» WHAT YOU ARE ASKED TO DO
Only text is carried over. Reproduce the entries below exactly.

(Dataset entries)
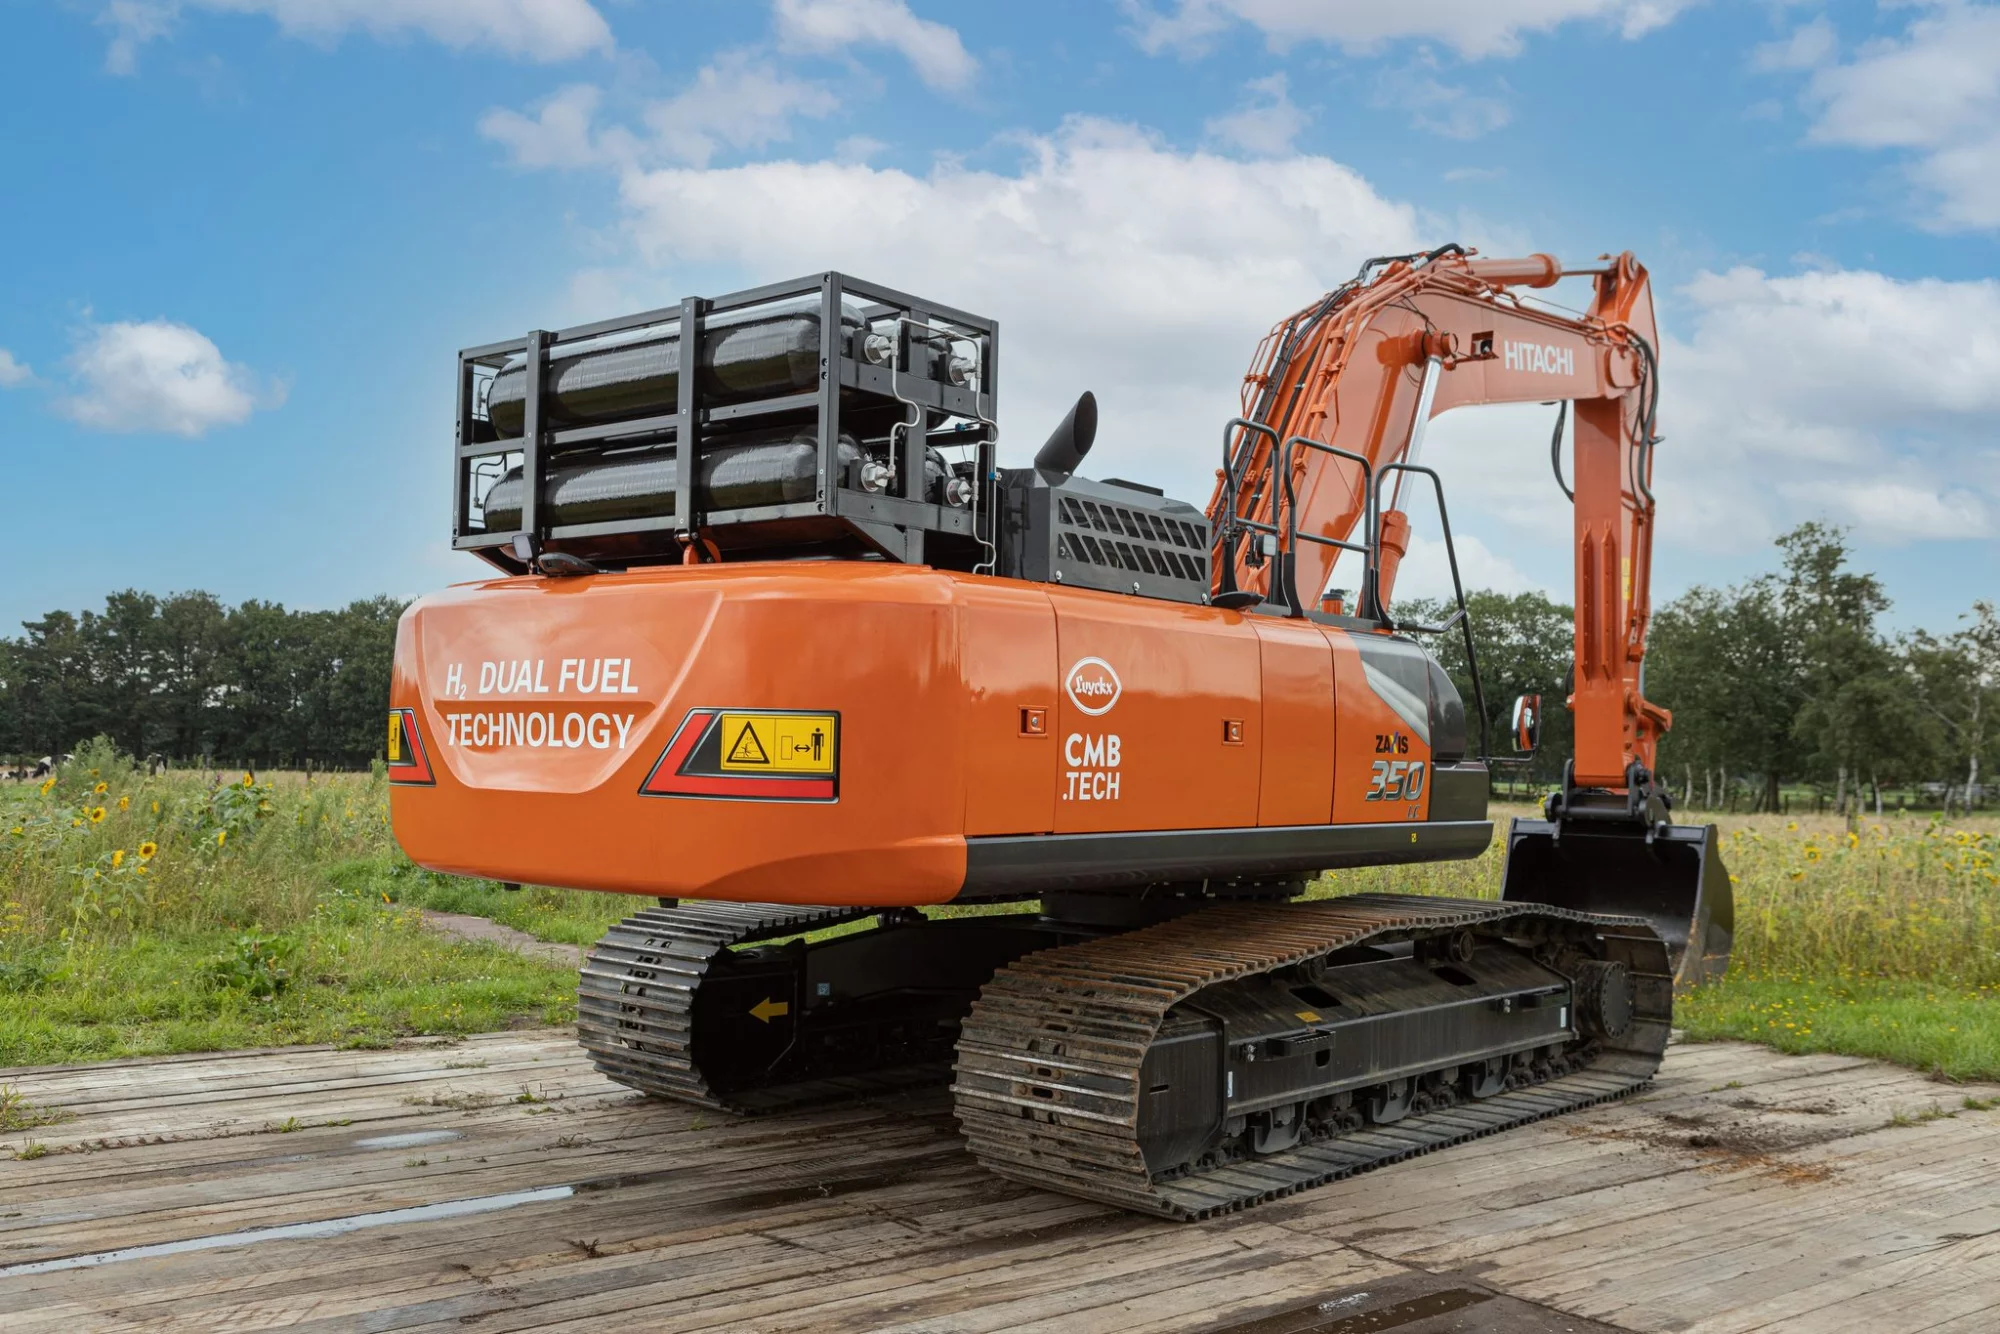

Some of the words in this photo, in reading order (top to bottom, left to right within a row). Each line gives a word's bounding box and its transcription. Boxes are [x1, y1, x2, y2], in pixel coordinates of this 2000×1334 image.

[1504, 340, 1574, 376] HITACHI
[479, 659, 549, 694] DUAL
[558, 658, 639, 694] FUEL
[1075, 675, 1113, 697] Luyckx
[447, 712, 635, 749] TECHNOLOGY
[1376, 732, 1408, 754] ZAXIS
[1065, 733, 1121, 767] CMB
[1062, 772, 1120, 800] .TECH
[1366, 760, 1426, 801] 350
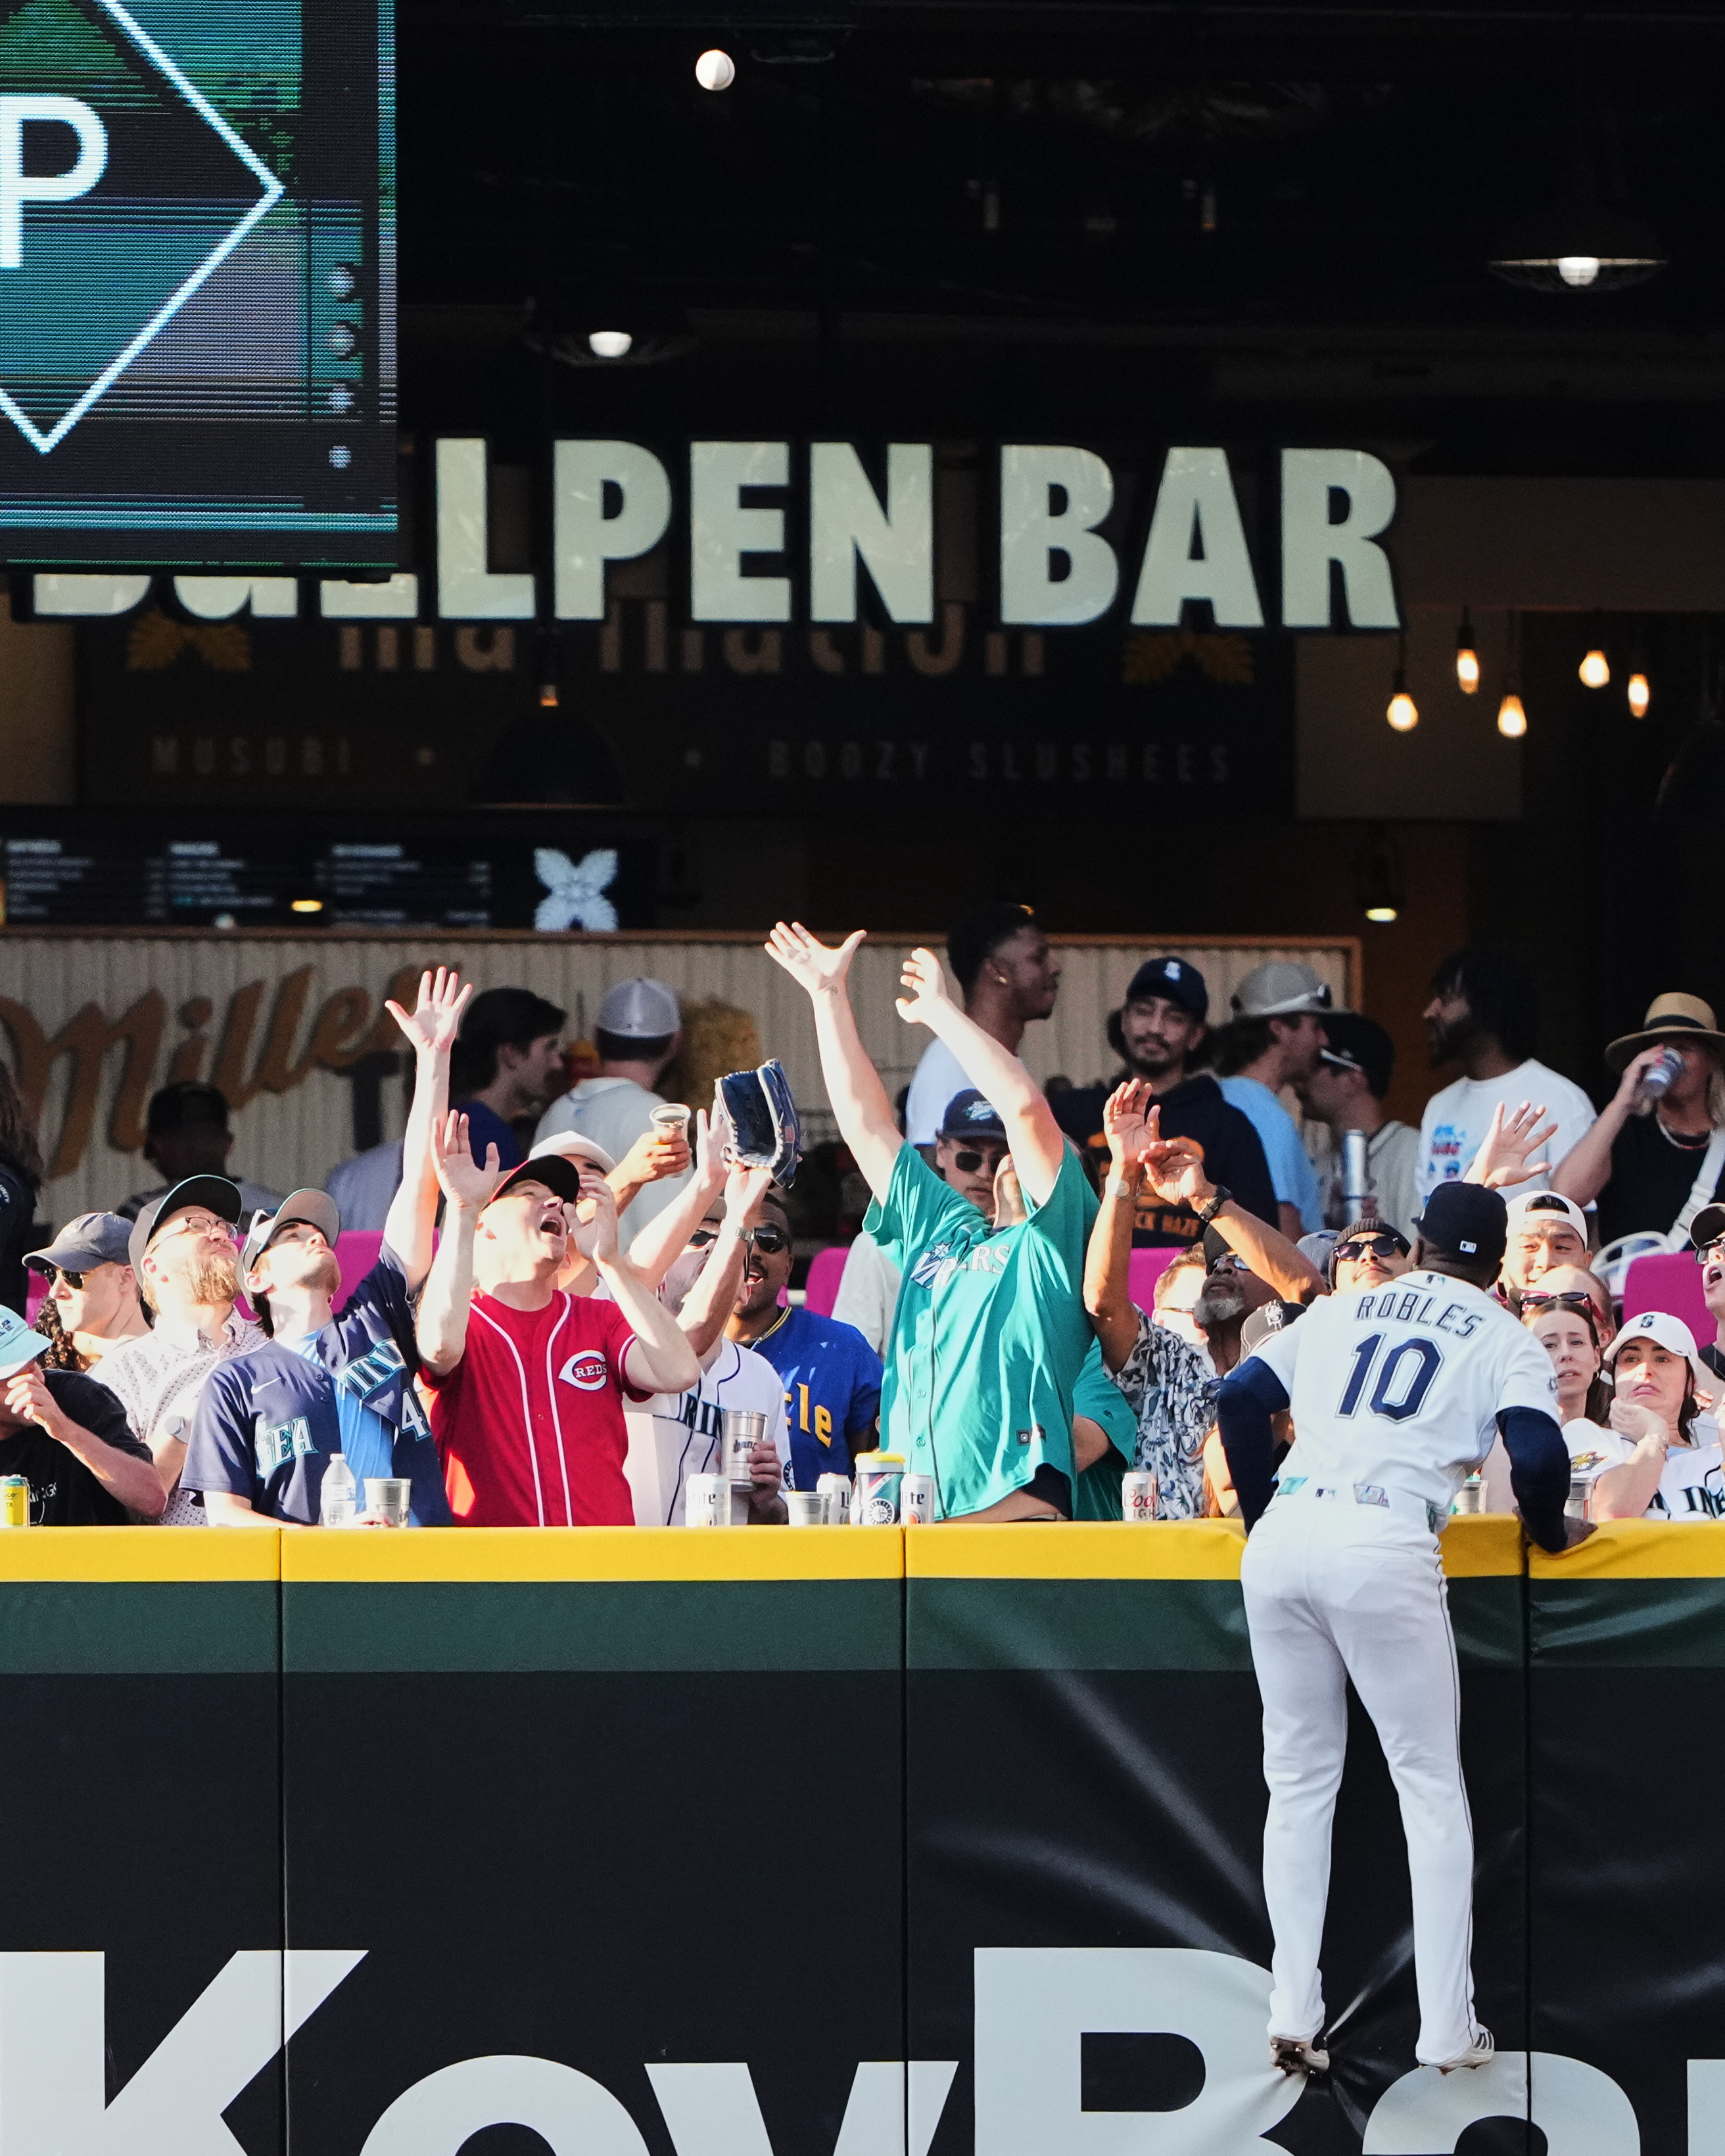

» EXPECTED OUTPUT
Some of the words in this photo, in reading order (top to bottom, left to right within a row). Each line gives a word's bounding box and its transcription. Boxes are [x1, y1, x2, y2], in pixel coordinates of this 2000×1334 image.

[1504, 340, 1574, 376] HITACHI
[479, 659, 549, 694] DUAL
[558, 658, 639, 694] FUEL
[1075, 675, 1113, 697] Luyckx
[447, 712, 635, 749] TECHNOLOGY
[1376, 732, 1408, 754] ZAXIS
[1065, 733, 1121, 767] CMB
[1062, 772, 1120, 800] .TECH
[1366, 760, 1426, 801] 350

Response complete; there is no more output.